In Africa, major changes occurred, the old Organisation of African Unity, mocked as “The Dictators’ Club”, was replaced by the African Union (AU), which set as a key goal to: “Promote democratic principles and institutions, popular participation and good governance.”

The organisation’s performance since 2002 has been mixed, but it has succeeded in stabilising parts of the continent and also, a degree of economic growth and increased access to education has been achieved.

The bane of Africa, however, is corruption. The reasons for the prodigious level of corruption on the continent are extremely complex, rooted in the social fabric, and made worse by the terrible (and largely ignored) hot wars within the Cold War, which left weak states in its wake and often paved the way for further civil wars and failed states. Africa also has very few traditions of civil society, the exceptions being the churches and other religious leadership. Understandably, African democracies are often fragile.

After the fall of Communism

Looking at South Africa, 1990 and the liberation of Central Europe and later Russia and central Eurasia acted as a seismic shock for the ANC/South African Communist Party (SACP) alliance.

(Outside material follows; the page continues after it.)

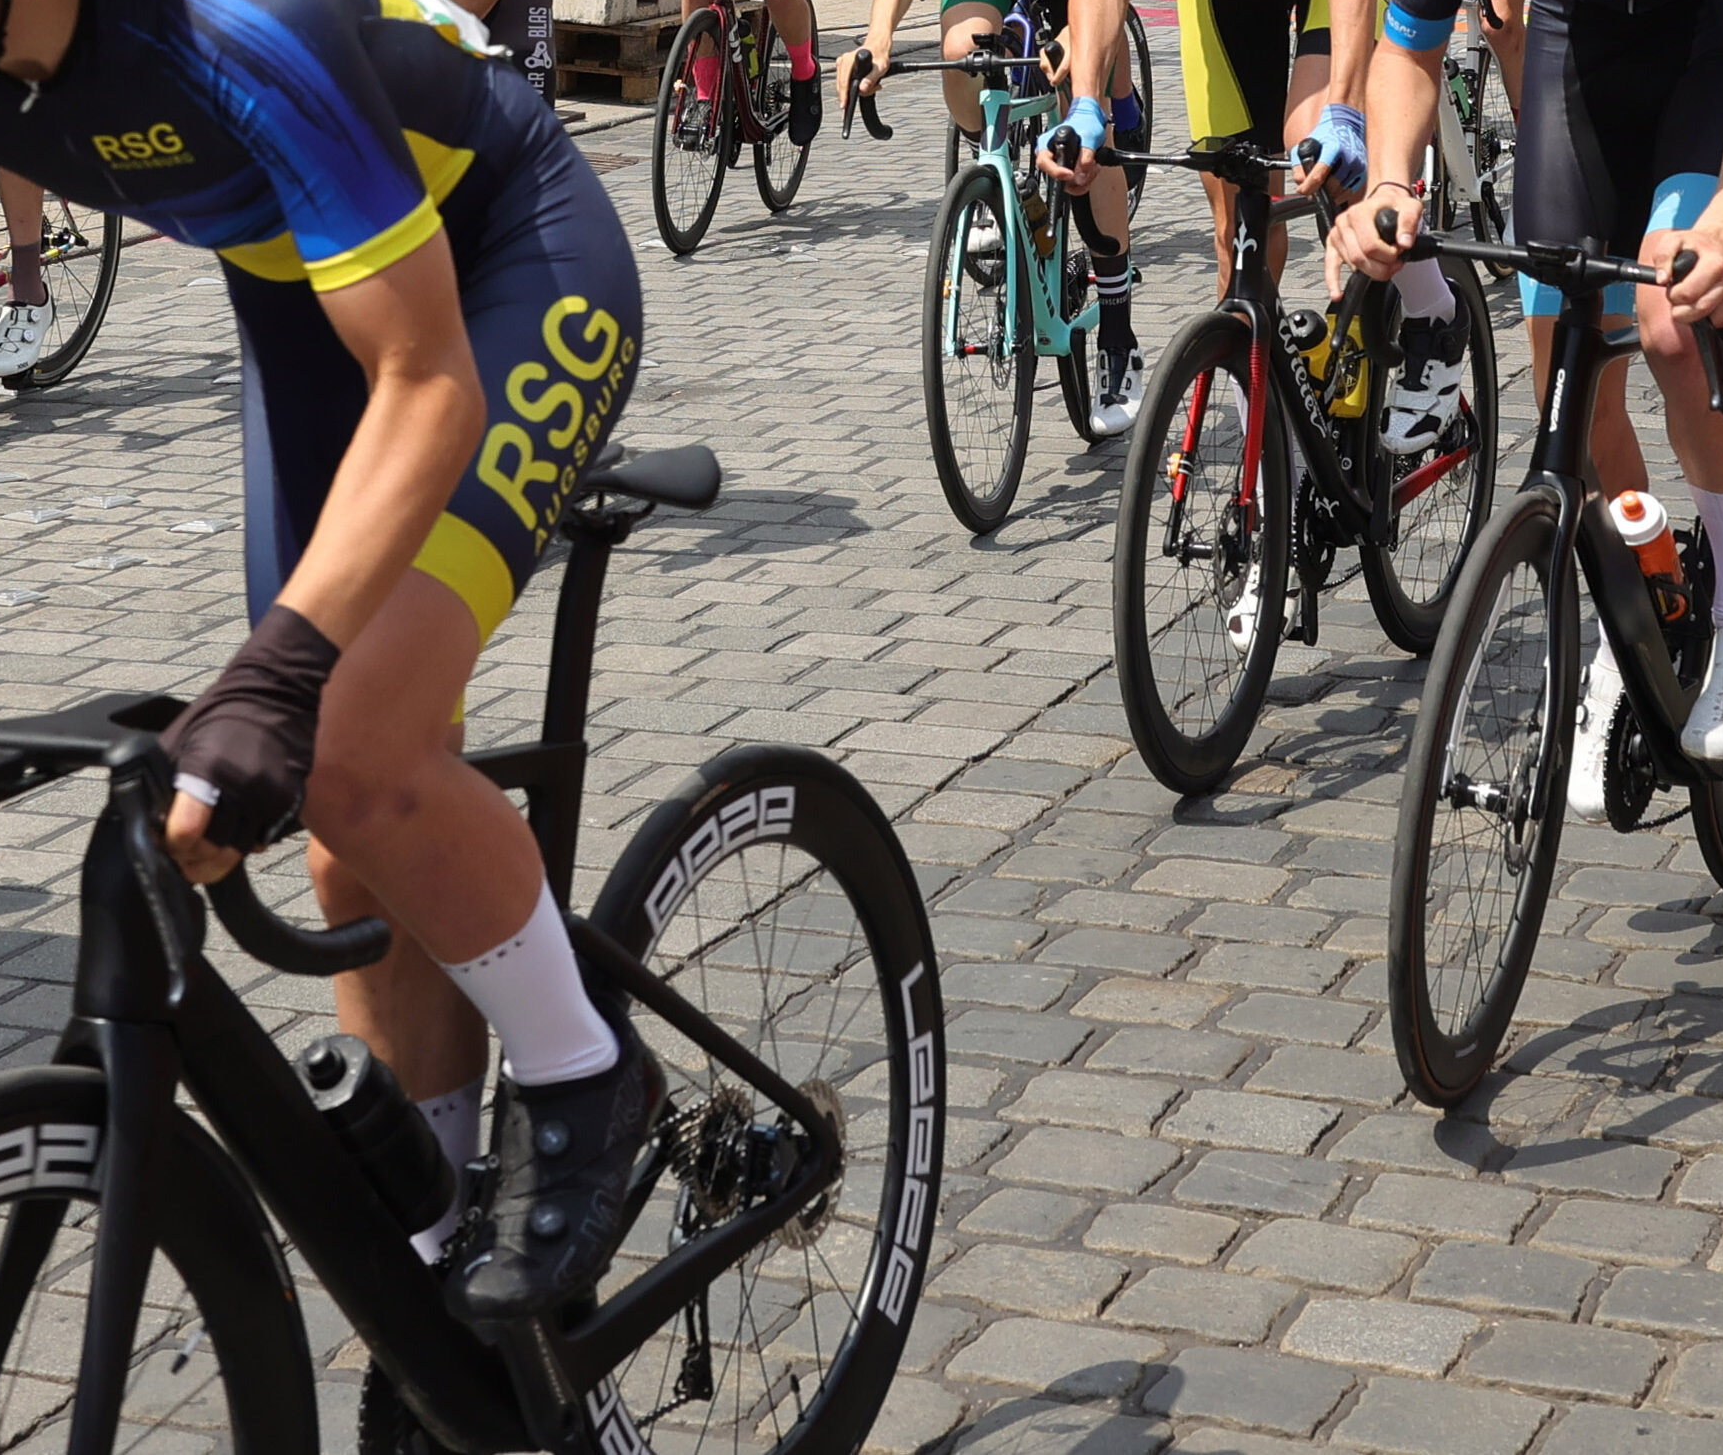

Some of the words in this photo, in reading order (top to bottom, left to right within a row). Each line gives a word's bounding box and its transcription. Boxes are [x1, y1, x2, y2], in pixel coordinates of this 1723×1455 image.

Independence movements had been supported by various Communist countries, notably the Soviet Union. The ANC/SACP’s uMkhonto we Sizwe (MK) armed group received training mainly from the USSR. Eventually the SACP became dominant in MK, co-operating with well-known terrorist movements such as the Provisional Irish Republic Army (IRA). Moreover, the ANC/SACP adopted an idea floated by the Communist Party of the Soviet Union (CPSU). This was the “National Democratic Revolution” (NDR). The basic idea was that instead of having a class war featuring the workers against the bourgeoisie, former colonies where pre-industrial production existed could go straight from “feudalism” to “socialism”.

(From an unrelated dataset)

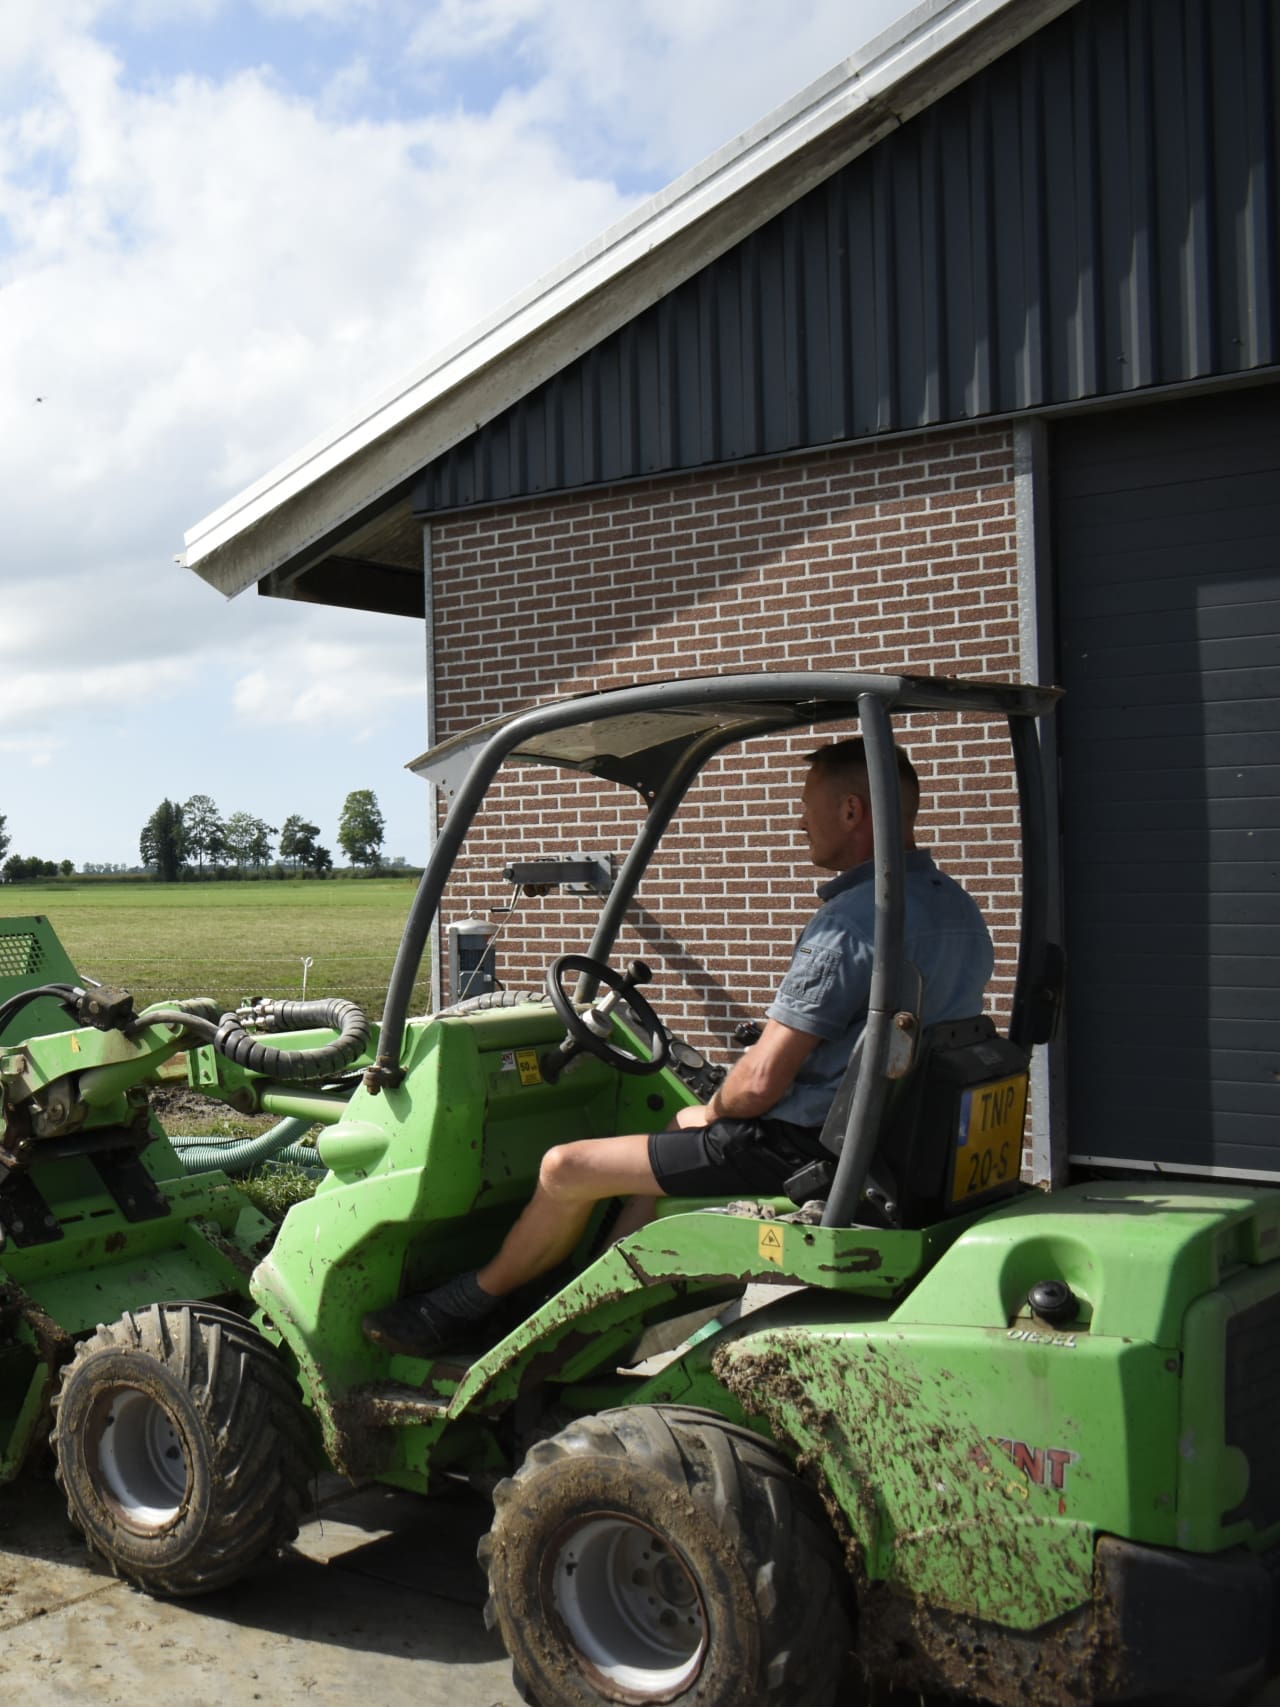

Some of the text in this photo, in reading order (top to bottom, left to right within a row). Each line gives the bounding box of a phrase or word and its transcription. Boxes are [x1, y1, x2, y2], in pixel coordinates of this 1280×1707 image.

[981, 1086, 1015, 1132] TNP
[967, 1141, 1009, 1192] 20-S
[1007, 1329, 1077, 1349] DIESEL

These are Marxist technical terms which do not correspond to the modern historical understanding of “feudalism” and their use of “socialism” equates with what Western people call Communism, with a planned economy. Incredibly, a large proportion of ANC members support this NDR in 2021!

However, once Communism was rejected by the peoples of the East Bloc, the ANC and SACP found themselves in a quandary. They had fought for a one-party state, now they would have to change their tune.

This legacy is at the bottom of the present crisis in South Africa. There were those, like Nelson Mandela and his successor, Thabo Mbeki, who were able to adapt their ideas to multi-party democracy and a free market, but there remained a large grouping within the ANC (which had been strongly influenced during their Struggle by the SACP) in favour of some form of Marxist economics and politics. This wing has become known as the Radical Economic Transformation grouping or RET. Jacob Zuma is the leader of these radicals.

A friendly alliance

The other problem in South Africa is constitutional and political. Despite much fawning praise about the country’s democracy, in practice it has serious flaws. One of the biggest is the alliance between the ANC, the and the COSATU (Congress of South African Trade Unions), or the Tripartite Alliance.

It is not the ANC which governs the country, but the Alliance. What’s wrong with this?

The trouble is that the while the ANC turned itself into a political party, and is regularly tested in elections, the SACP never does. And COSATU is a trade union group. Now municipal elections are based on constituencies (and the ANC does worse in these than in national elections) but nationwide elections are done exclusively on a proportional representation basis, that is, on party lists.

Once the ANC has won a district, then an SACP or COSATU member simply hands in his membership card, collects an ANC membership card, and the party then ‘redeploys’ them (the preferred Alliance term) to a given district. People one didn’t vote for tend to be much less accountable, and if the “elected” official comes under pressure for the party not keeping election promises, he or she is simply “redeployed”.

Failures in the Alliance’s governance of South Africa coincided with the international financial crisis in 2008, followed by many Westerners becoming disillusioned with free markets and looking for alternatives, including Marxism. This has likely strengthened the hand of the SACP and the Radical Economic Transformation group within the Alliance.

Jacob Zuma’s background 

Jacob Zuma has spent most of his life in the ANC, which he joined in 1958. He joined MK in 1962 but was arrested the following year, spending 10 years on Robben Island as a prisoner. He went straight back into MK after his release, operating within South Africa and then left the country for Swaziland and Mozambique, joining the SACP in 1977 and received military training in the Soviet Union the following year.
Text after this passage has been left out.